After this we need a Legend of Zelda level maker. One that used the first NES game and then switched to the Link to the Past style would be nice.

AshFoxX

#62

AshFoxX said:

I imagine it wont take long after release to have essentially every 2D mario game remade in Mario Maker. I hope it has 4 player local play, alternates not just from 8-bit Mario to NSMBWU Mario, but also 16-bit SMW Mario. It would be really unexpected but awesome if they added a 16 bit Super Mario Kart track editor that switched perspective to Mario Kart 8. Obviously you would not have all the Mario Kart 8 features, but just think Donut Plains 3 style tracks that can be played. That is the only MK track editor I would accept.

This title has a lot of promise, and if they include the music maker (which was mentioned in the comments) it could be the perfect creators tool. I also mentioned jokingly that they should also let you build Metroid levels but that could be it's ow game at this point. Looking forward to the return of Mario Creator, as NoA and NoE missed out on the N64 iteration, which in itself was a sequel to Mario Paint.

Looking very forward to the Mario

ICHIkatakuri

#63

ICHIkatakuri said:

I'm hoping by the end of development you can change the length of the stages and hopefully have underground and bowser castle levels complete with negative feedback loop repeated pathways. Even if these things don't make it I think its looking like great and would buy day one.

Link506

#65

Link506 said:

Now only if they let you share levels online then the fun would REALLY begin.

Lobster

#68

Lobster said:

Mario Paint was one of my favorite games in preschool and kindergarten... Really can't wait, I'm already designing levels!

3DS_excel

#70

3DS_excel said:

This should be the game that Nintendo supports with a proper app for iOS, android etc. it would allow people to create levels on the train or whatever and play them when they get home. Since they've got club Nintendo accounts linked now I'm sure they could do so with an app. I'm not a level editor kinda guy but this thought popped into my head out of the blue

Gridatttack

#71

Gridatttack said:

@Kaze_Memaryu

True, yes, but I only see this happening with SMB1.
SMB3, SMW1 NSMBDS/WII have many different things that cant be possible with mario maker. Overworld editing, the greater selection of sprites. Multiplayer in the case of NSMBWII. Im pretty sure they wont add all the sprites from NSMBU.

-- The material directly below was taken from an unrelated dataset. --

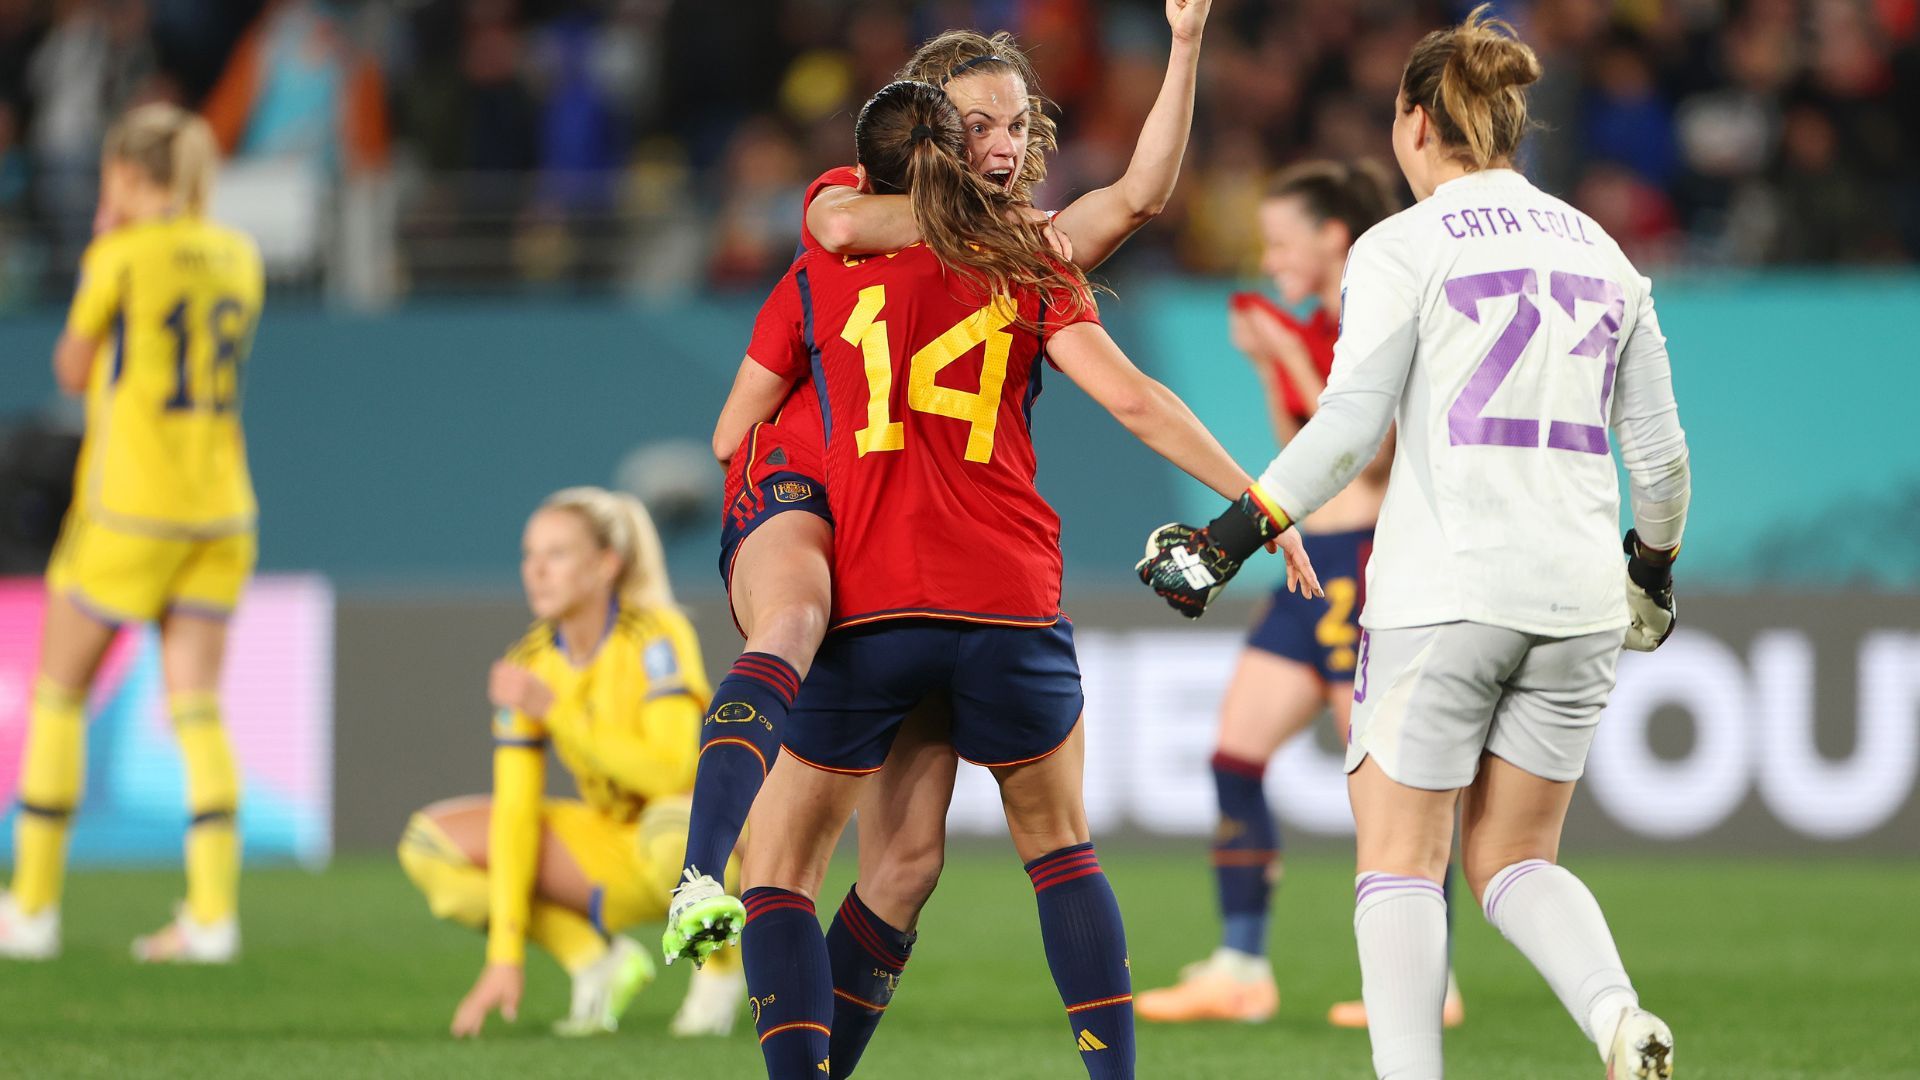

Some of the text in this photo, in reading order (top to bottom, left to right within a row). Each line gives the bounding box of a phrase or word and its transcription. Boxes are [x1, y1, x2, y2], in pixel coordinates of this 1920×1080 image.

[1442, 207, 1594, 246] CATA COLL
[840, 284, 1018, 465] 14
[1444, 268, 1625, 456] 23
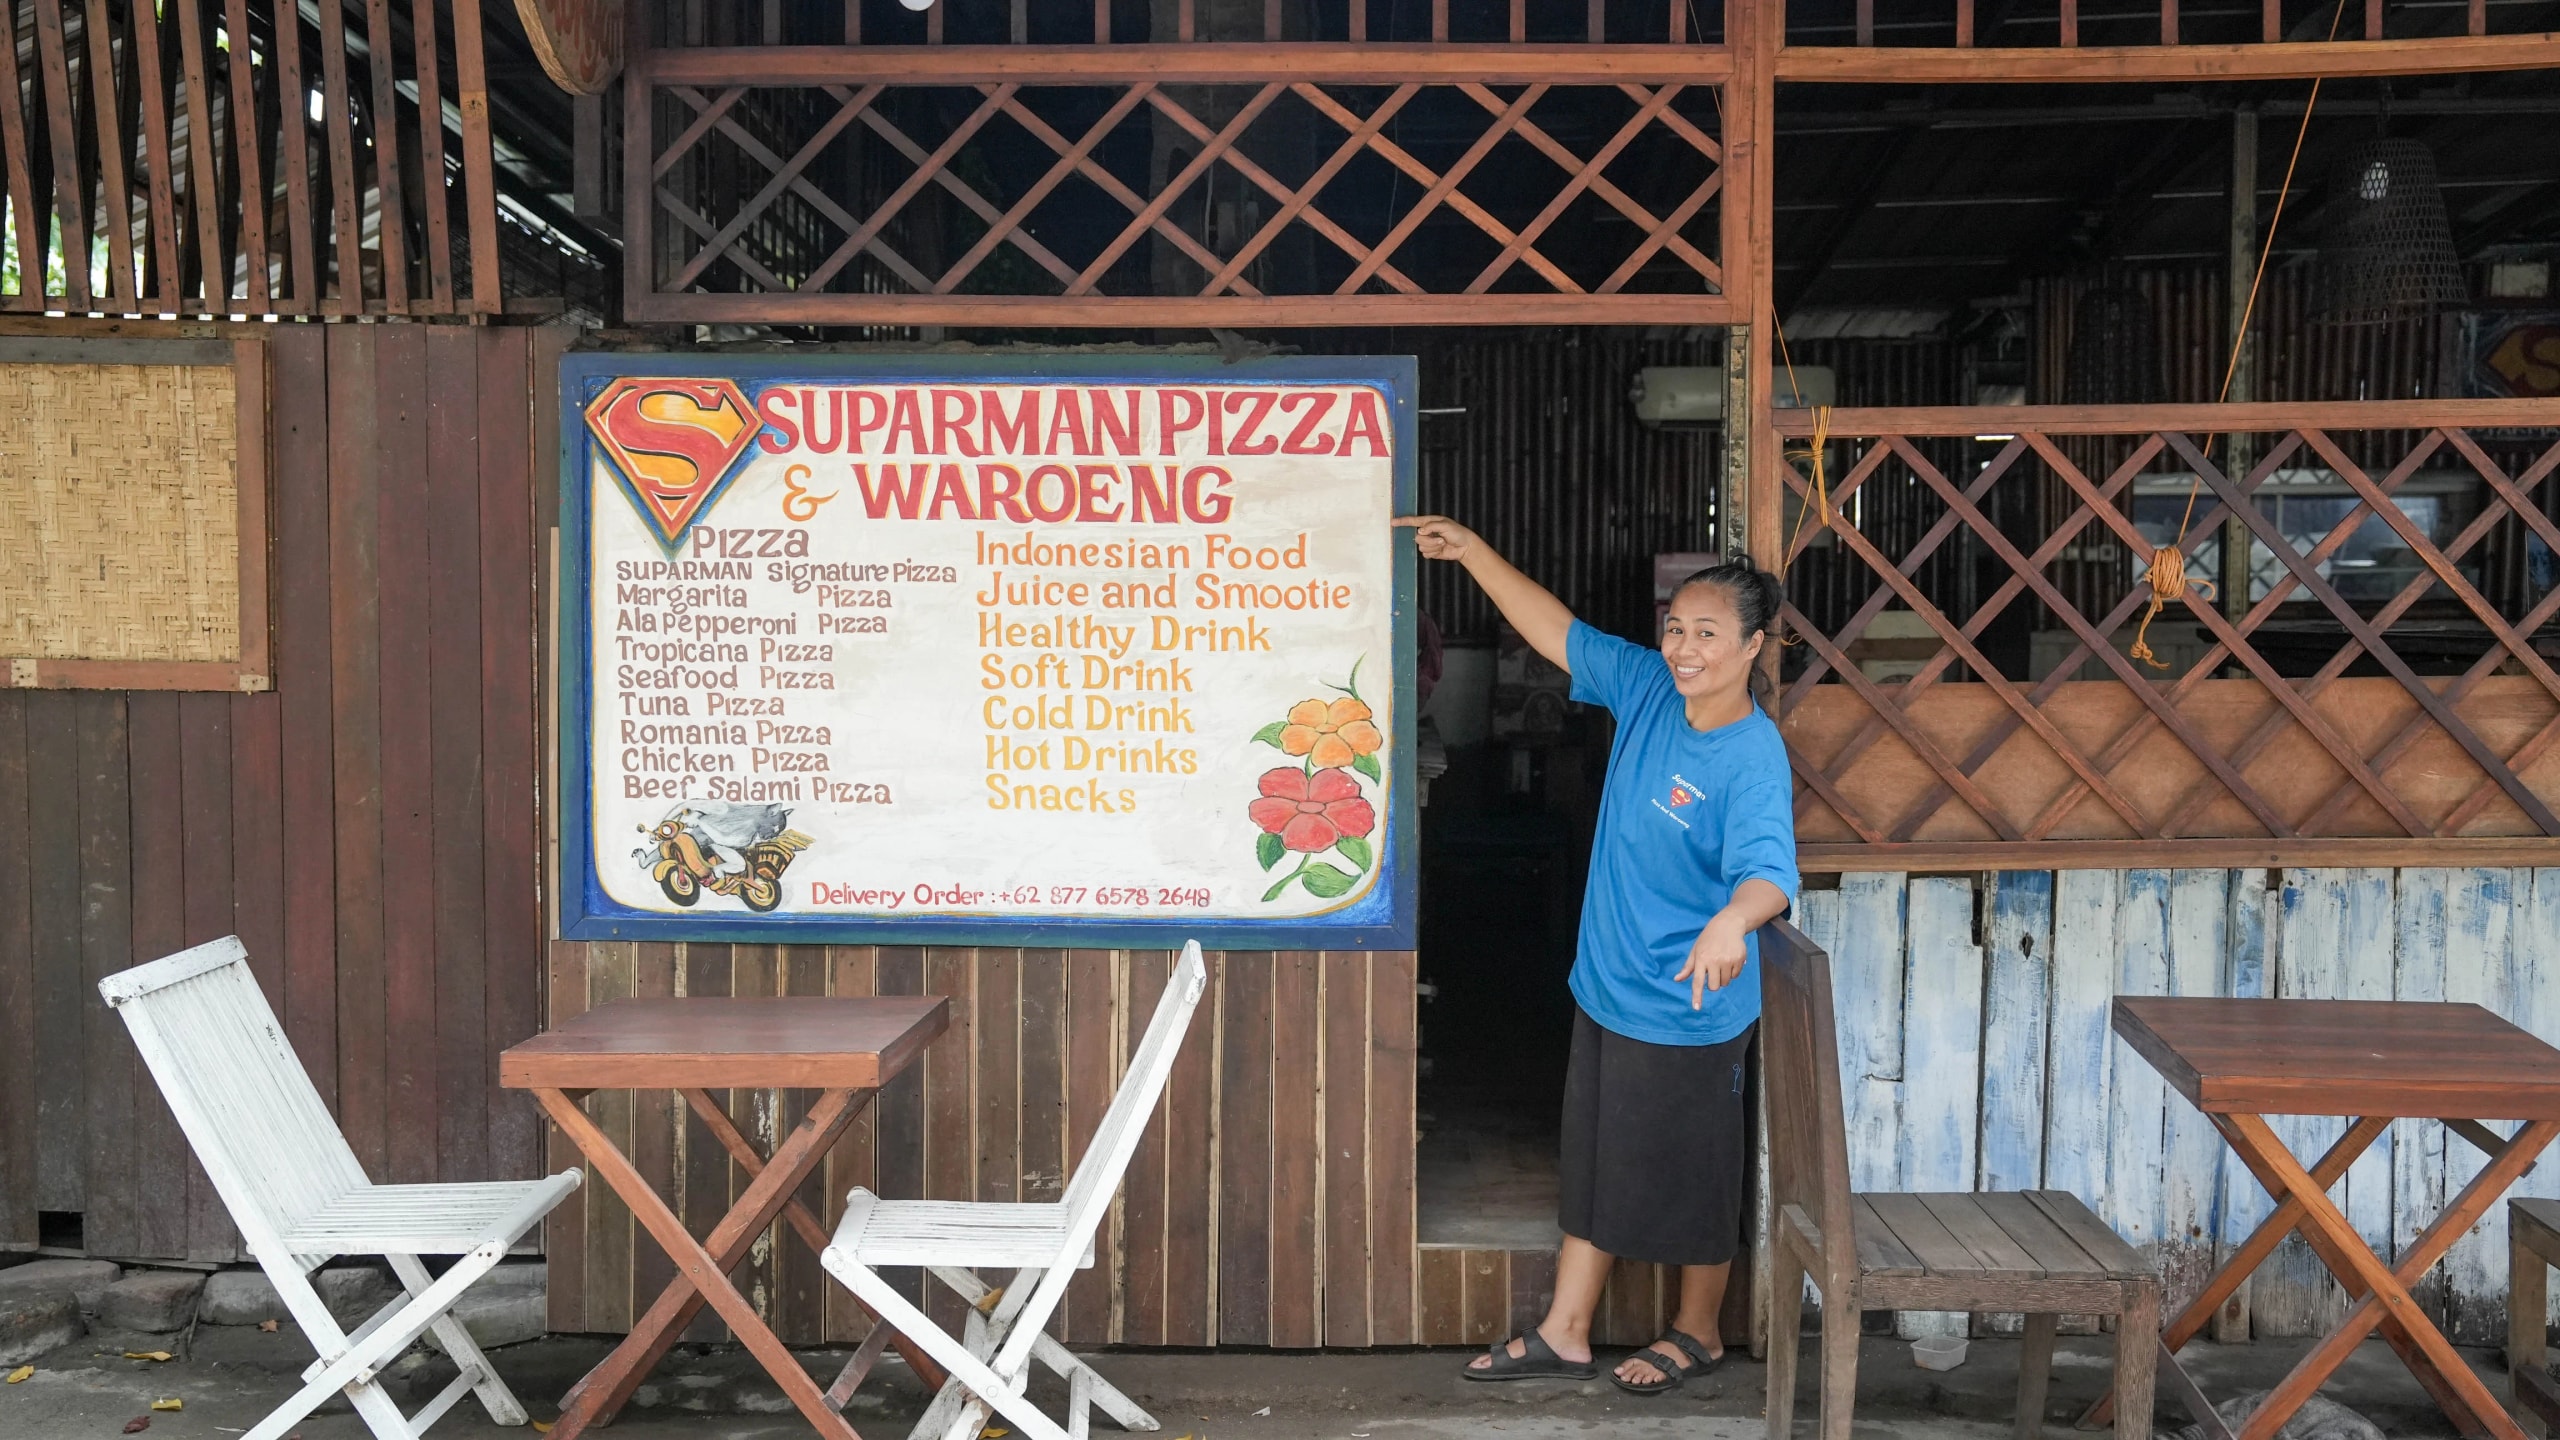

In the end, the more content will be by hacking the original games. Level design will vary too. This app is geared toward challenge levels, while in the hacks of the names mentioned above, you see smooth level design.

But we wont know until this thing is released :P

Kaze_Memaryu

#72

Kaze_Memaryu said:

@Gridatttack I know, and I won't doubt that for even a second.
I played through some SMBX levels (though I haven't played any MAGLX levels, I think), and those are borderline insane in terms of creativity - that would require some really advanced tools to work in Mario Maker, and it still wouldn't work out.

grumblegrumble

#73

grumblegrumble said:

Looks fun.. but if the price is too high, I just might say no. Seems like the novelty would wear off really easily, don't you think?